From ecce654ca66f60e43ad818f503a534a00de26b6b Mon Sep 17 00:00:00 2001
From: ansuz <ansuz@transitiontech.ca>
Date: Mon, 17 Feb 2020 12:48:10 -0500
Subject: [PATCH] add 'resource:' to script-src to enable shared-worker
 debugging in firefox

---
 docs/example.nginx.conf | 4 ++--
 1 file changed, 2 insertions(+), 2 deletions(-)
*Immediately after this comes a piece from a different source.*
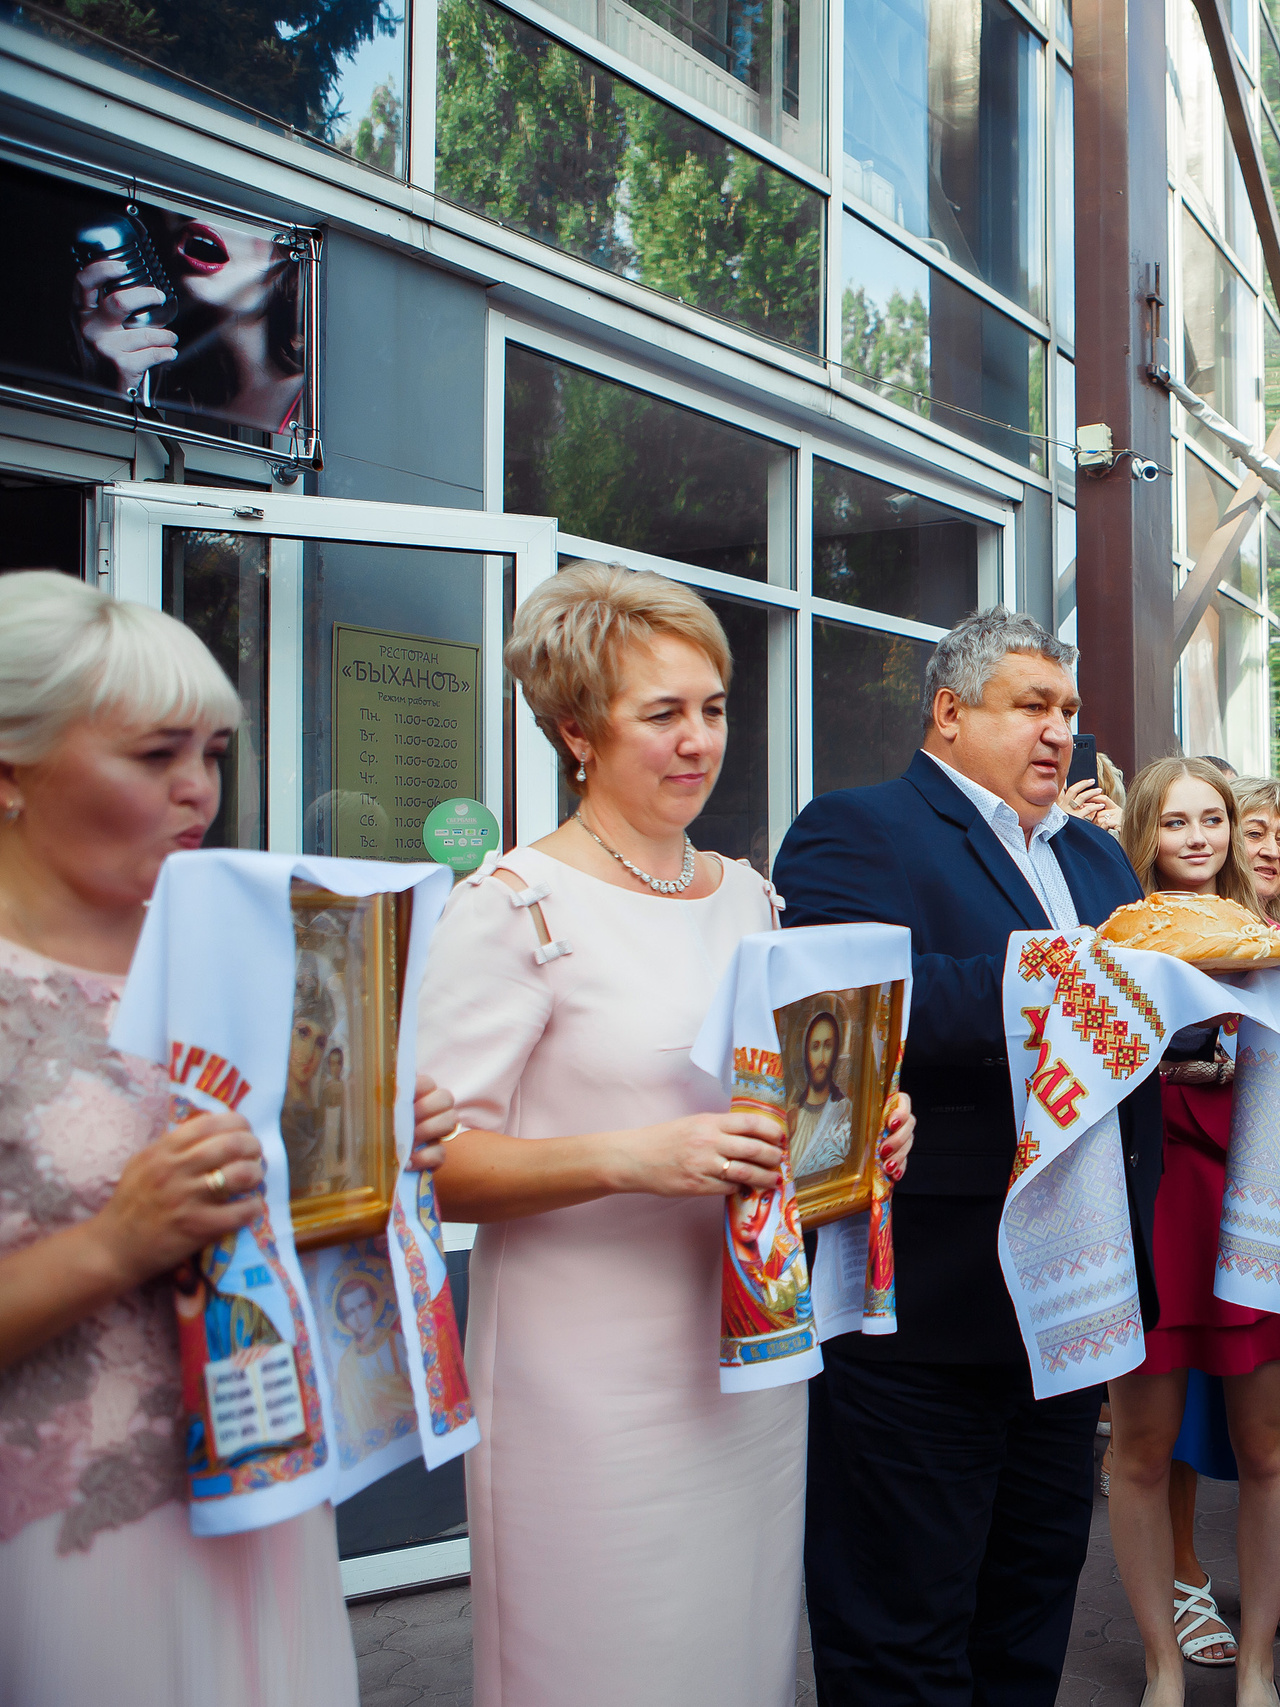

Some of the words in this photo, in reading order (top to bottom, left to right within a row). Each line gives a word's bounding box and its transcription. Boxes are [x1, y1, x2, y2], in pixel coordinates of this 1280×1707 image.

diff --git a/docs/example.nginx.conf b/docs/example.nginx.conf
index 80c799f8c..ea8224c14 100644
--- a/docs/example.nginx.conf
+++ b/docs/example.nginx.conf
@@ -96,7 +96,7 @@ server {
     set $workerSrc  "https://${main_domain}";
 
     # script-src specifies valid sources for javascript, including inline handlers
-    set $scriptSrc  "'self' ${main_domain}";
+    set $scriptSrc  "'self' resource: ${main_domain}";
 
     set $unsafe 0;
     # the following assets are loaded via the sandbox domain
@@ -110,7 +110,7 @@ server {
 
     # privileged contexts allow a few more rights than unprivileged contexts, though limits are still applied
     if ($unsafe) {
-        set $scriptSrc "'self' 'unsafe-eval' 'unsafe-inline' ${main_domain}";
+        set $scriptSrc "'self' 'unsafe-eval' 'unsafe-inline' resource: ${main_domain}";
     }
 
     # Finally, set all the rules you composed above.